The UN 2030 agenda and the SDGs thus provide a further, perhaps more compelling incentive and opportunity to operationalize integration across traditional disciplinary and sectorial silos and domains of development. However, overcoming the challenge of integration and cross-sectorial collaboration in development, central to the SDGs, is particularly difficult as the social-ecological systems within which integrated development actions are elaborated are subject to constant change, requiring development modalities and collaborations to be adaptive and frequently revised. Accordingly there is a need for a contextualized balance between government-led policy decisions and community-based decentralized leadership in order to ensure timely and culturally adapted (and adaptive) interventions.

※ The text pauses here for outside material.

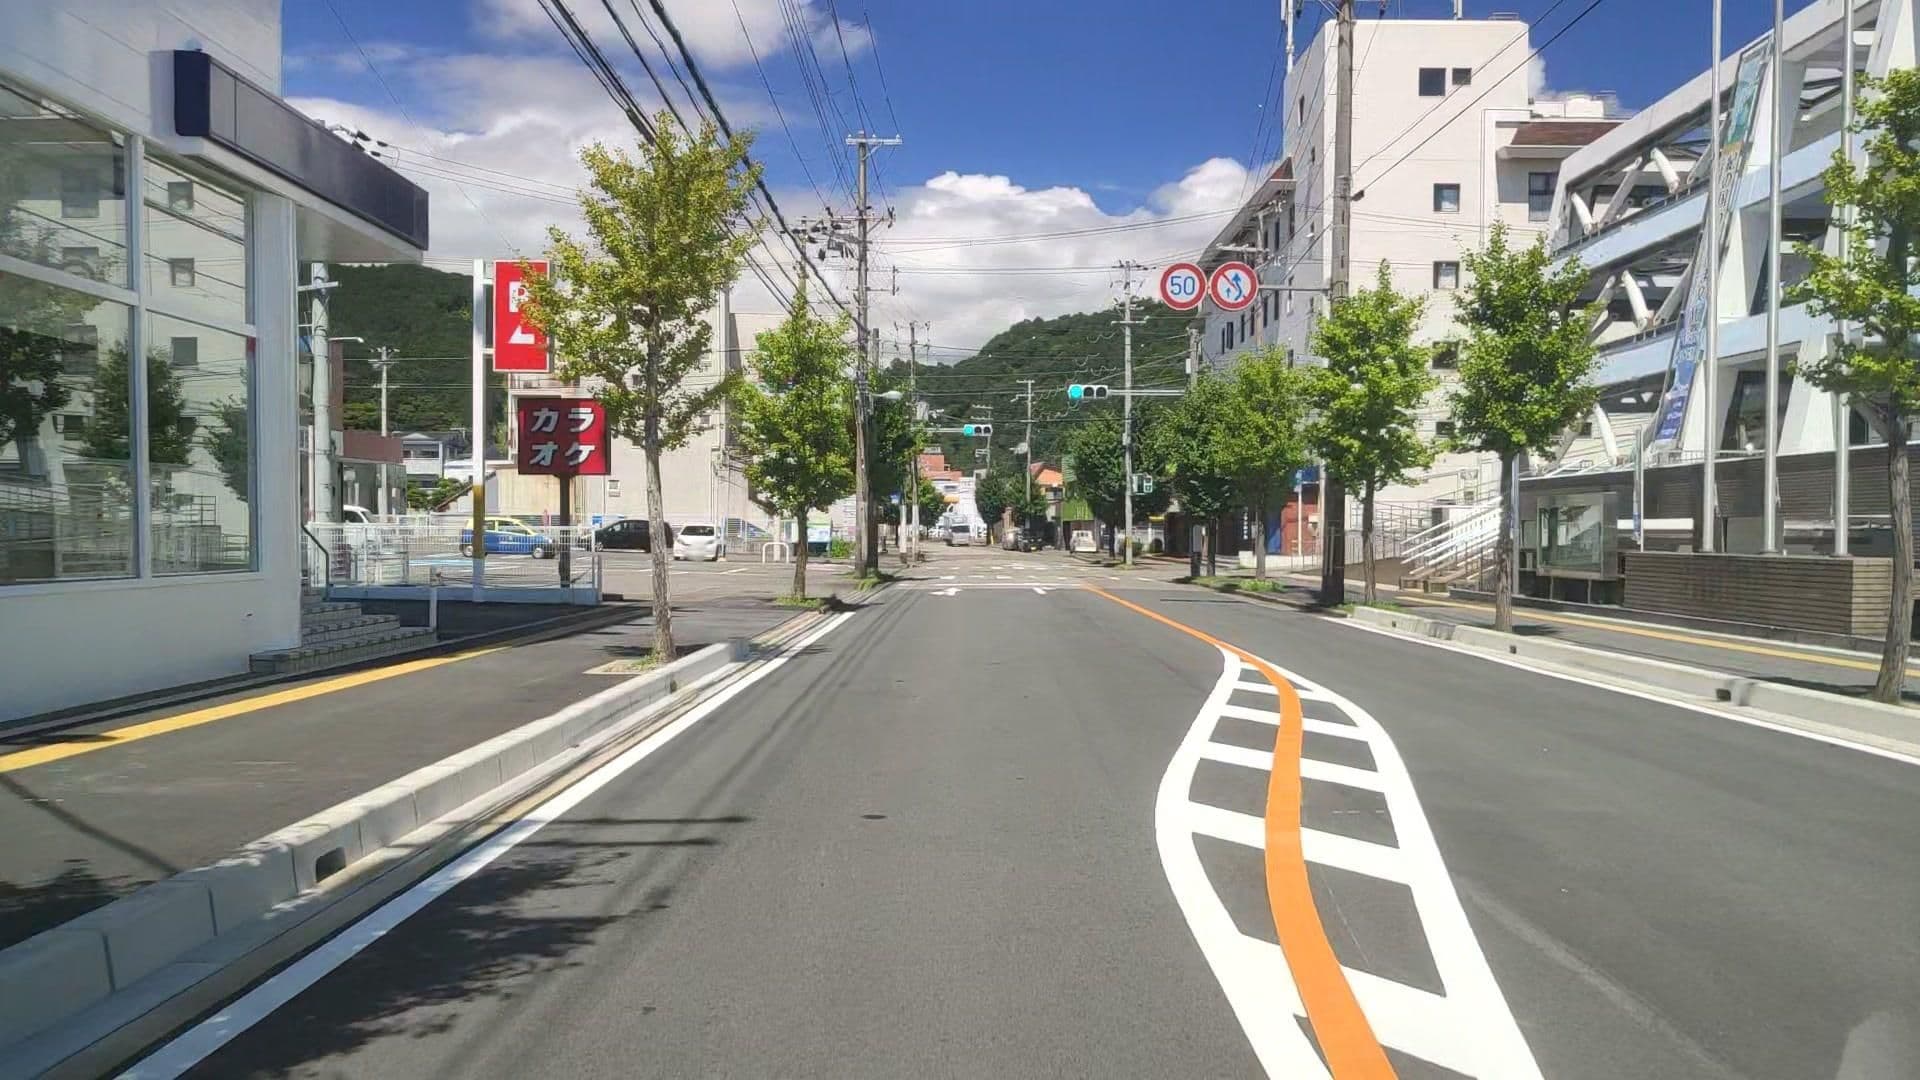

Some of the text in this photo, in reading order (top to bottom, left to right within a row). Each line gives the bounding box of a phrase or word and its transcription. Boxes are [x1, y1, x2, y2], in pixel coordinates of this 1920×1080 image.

[1170, 275, 1195, 296] 50
[530, 407, 595, 433] カラ
[528, 441, 596, 467] オケ
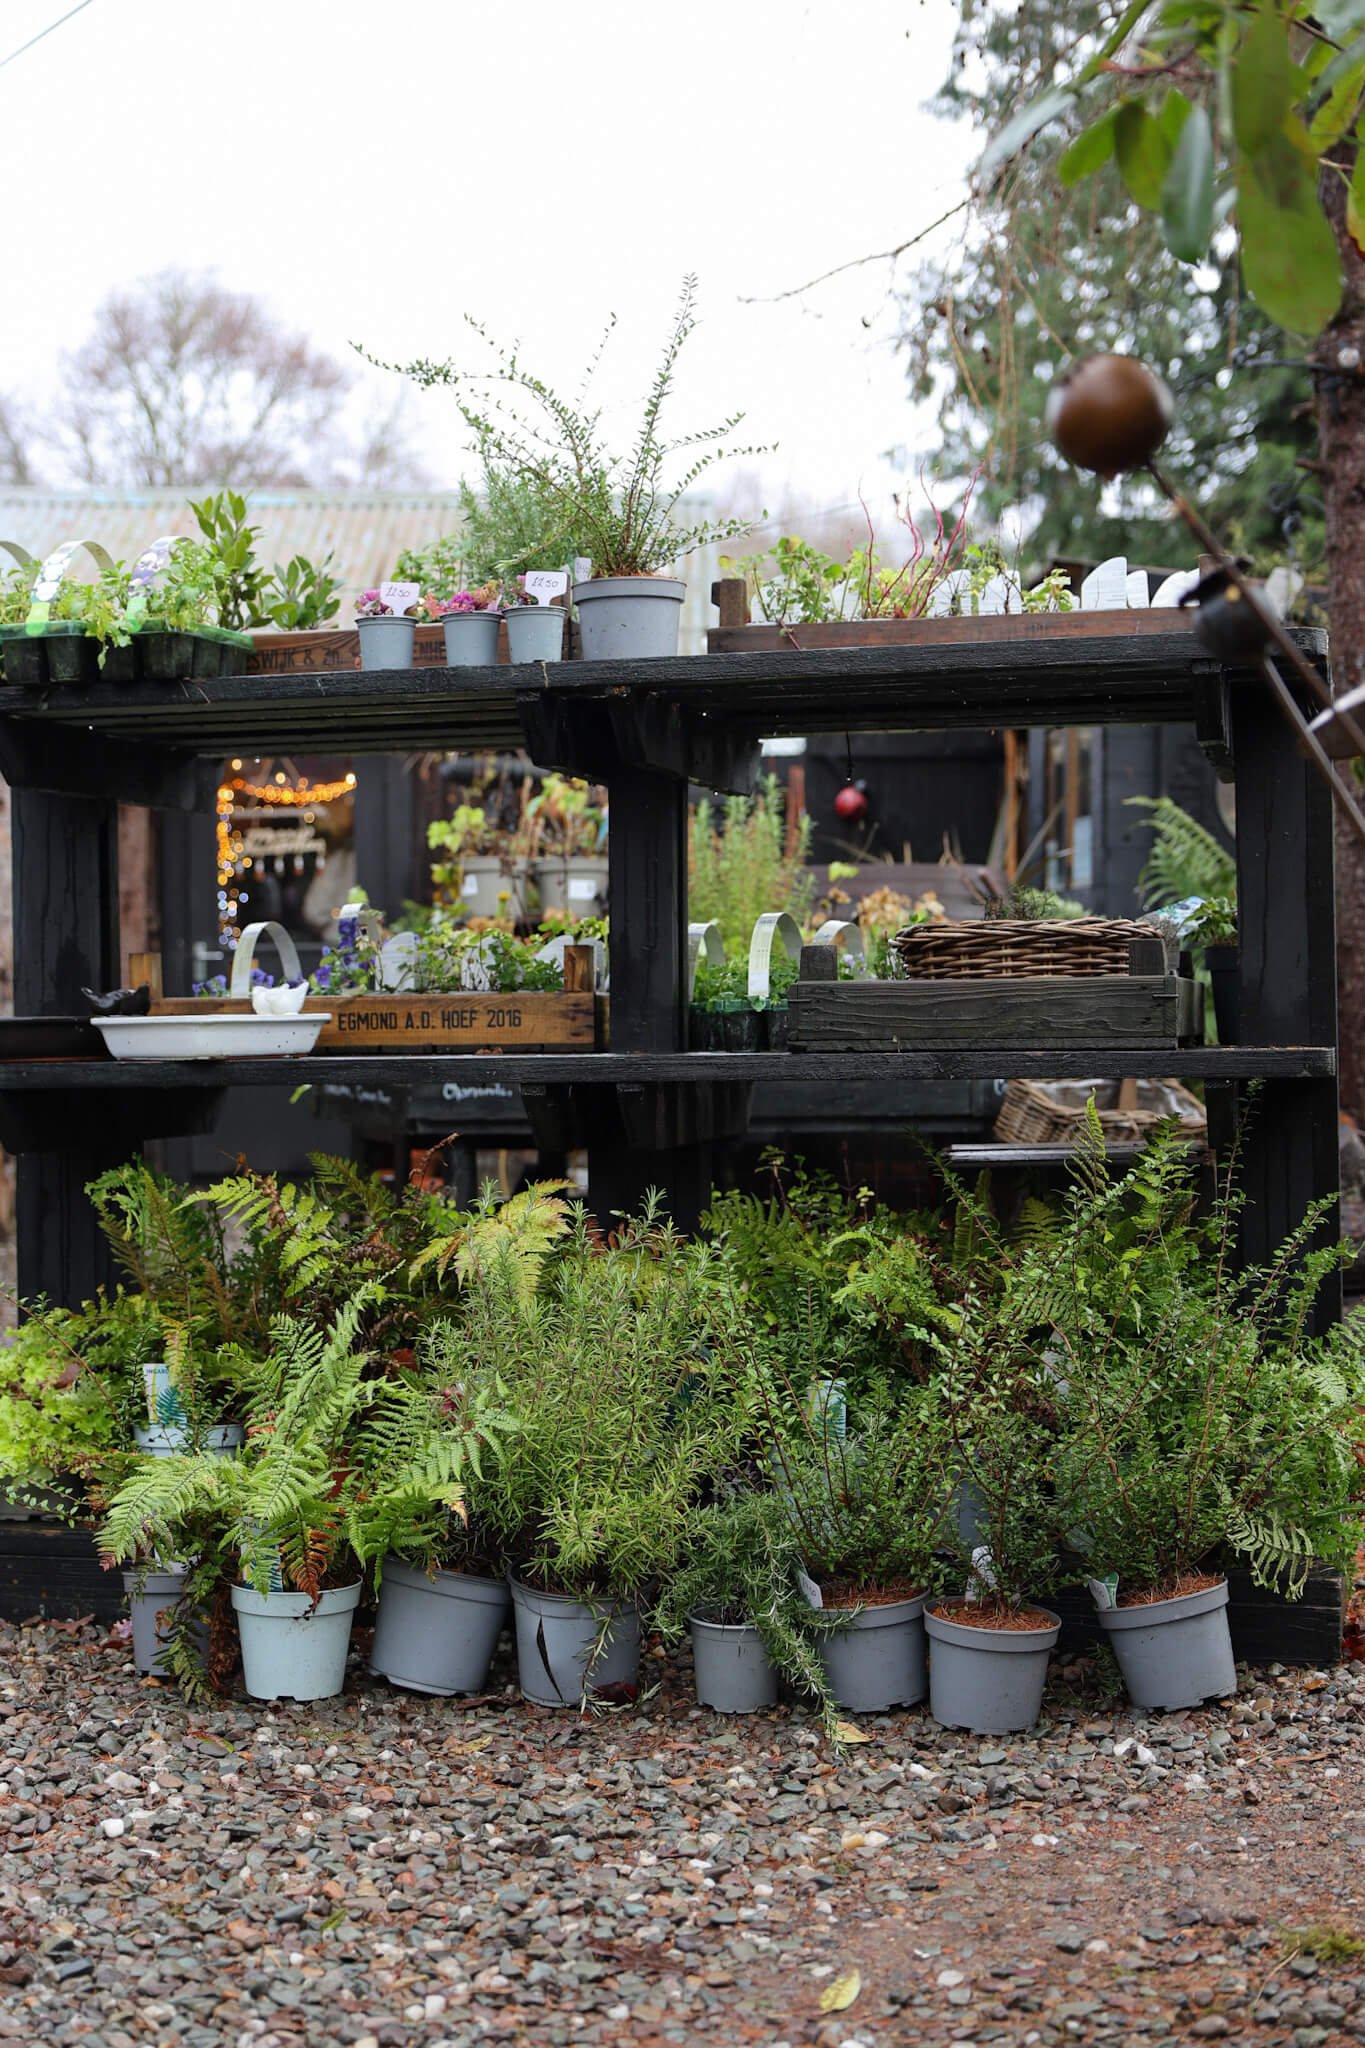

The social-ecological systems theory, with its unique conception of resilience (social-ecological systems & resiliance, SESR), provides a framework that currently best meets this need for adaptive governance and accounts for the complex dynamics of social-ecological systems [3]. Originally developed on the basis of studies of ecosystem dynamics, SESR has grown into a robust integrative, transdisciplinary approach that uniquely combines natural and social sciences perspectives. As a central postulate and heuristic tool SESR’s adaptive cycle has proven widely applicable for understanding adaptation and sustainability across different types of systems [3]. As it is based on principles emerging from studies of ecosystem functioning applied to sustainable resources management and development, it is particularly applicable to complex problems at the human-animal-environment interface, especially emerging zoonoses [4]. SESR and its heuristic metaphor, the adaptive cycle, emphasize the importance of building adaptive capacity to support system’s resilience - the capacity of a social-ecological system to absorb or withstand perturbations and other stressors allowing it to maintain its structure and functions (i.e., does not undergo collapse and regime change). This requires a transdisciplinarity process [3, 5] including community engagement, value co-creation, decentralized leadership and social innovation.

Social innovation (SI) is a process of developing and deploying effective solutions to challenging and often systematic environmental issues in support of social progress. SI focuses attention on the ideas and solutions that create social value—as well as the processes through which they are generated, regardless of where they are coming from.Footnote 1

Although in its infancy as a science, social innovation in health (SIHFootnote 2) can be seen as an important part of communities’ adaptive capacity through encouraging communities and individuals to be active interpreters of their lives and essential contributors in solving creatively the health challenges that they face (i.e. not just passive beneficiaries [6]). As such, SIs could be targeted as desirable attributes of public health project’s outcomes sustainability and communities’ resilience. Following this rationale, the Social Innovation in Health Initiative launched by TDR in 2014Footnote 3 is intended to provide leadership to advance social innovation for communities challenged with infectious diseases with the ultimate goal of achieving the SDGs. SI applied to the control of VBDs offers an opportunity for more precise problem framing as a basis for intervention research including a focus on grass-roots innovation in low and middle income countries of the global south [7].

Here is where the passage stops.